Karena berpikir segala ingatan historis mengacukan "dike atau takdir keberadaan maka ia dengan sendirinya  sudah terkait dengan nasib tersebut  yang sepadan dengan dike atau takdir tersebut atau semacam "dewa Dike Yunani keadilan dan kebenaran atau karakter nasib (geschicklichkeit)  penyebutan keberadaan sebagai anugrah kebenaran- inilah yang merupakan kedudukan nasib berpikir (geschick).  Peristiwa ini dalam dirinya sendiri bersifat historis. Historisnya telah terwujud ke dalam bahasa dalam tindakan perkataan sang pemikiran.

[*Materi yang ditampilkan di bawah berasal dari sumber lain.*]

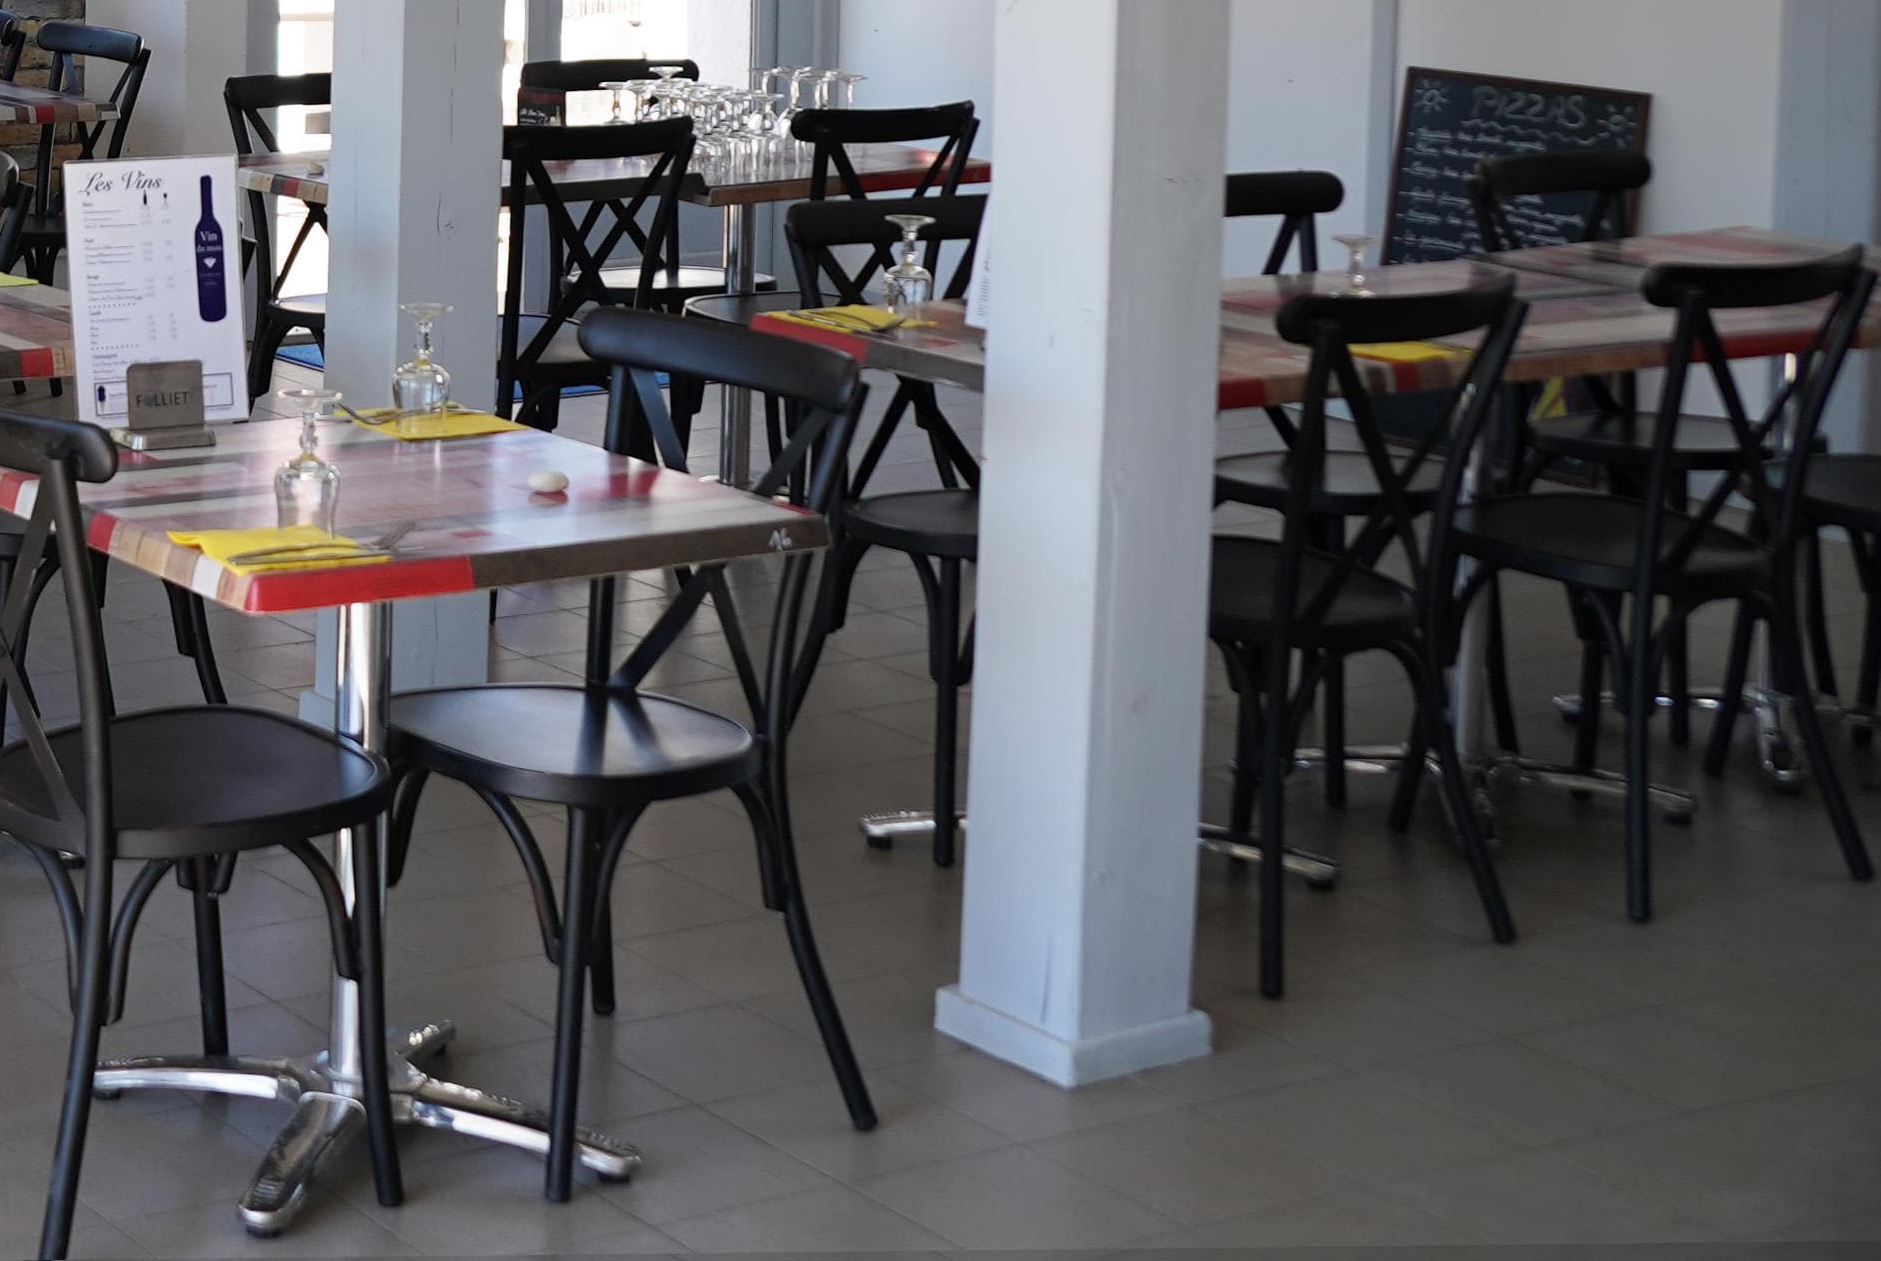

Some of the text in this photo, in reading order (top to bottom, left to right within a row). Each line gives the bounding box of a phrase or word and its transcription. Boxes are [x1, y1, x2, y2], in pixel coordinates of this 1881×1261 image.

[1472, 85, 1587, 130] PIZZAS
[78, 170, 162, 196] Les Vins
[199, 230, 218, 242] Vin

Teks berbicara dengan kebenaran dengan suaranya sendiri. Bahasa menjadi fungsi hermeneutika dalam membawa sesuatu untuk memperlihatkan dirinya sendiri. Berpikir bukan mengekspresikan manusia, berpikir hanya membiarkan kita ditarik pada keberadaan terjadi sebagai peristiwa bahasa.  Metode diam itu sendiri kadang-kadang  dapat menyatakan banyak kata-kata.Â
Itulah cara Heidegger menjelaskan dan menguatkan argumentasinya bahwa sejarah metafisika dan ontologi di dalam filsafat barat mengalami apa yang disebutnya kelupaan akan ada (forgetfulness of being). Kemudian mereparasi pemikiran  dengan menyatakan bahwa manusia sebagai mahluk yang selalu ada di dunia (being in the world).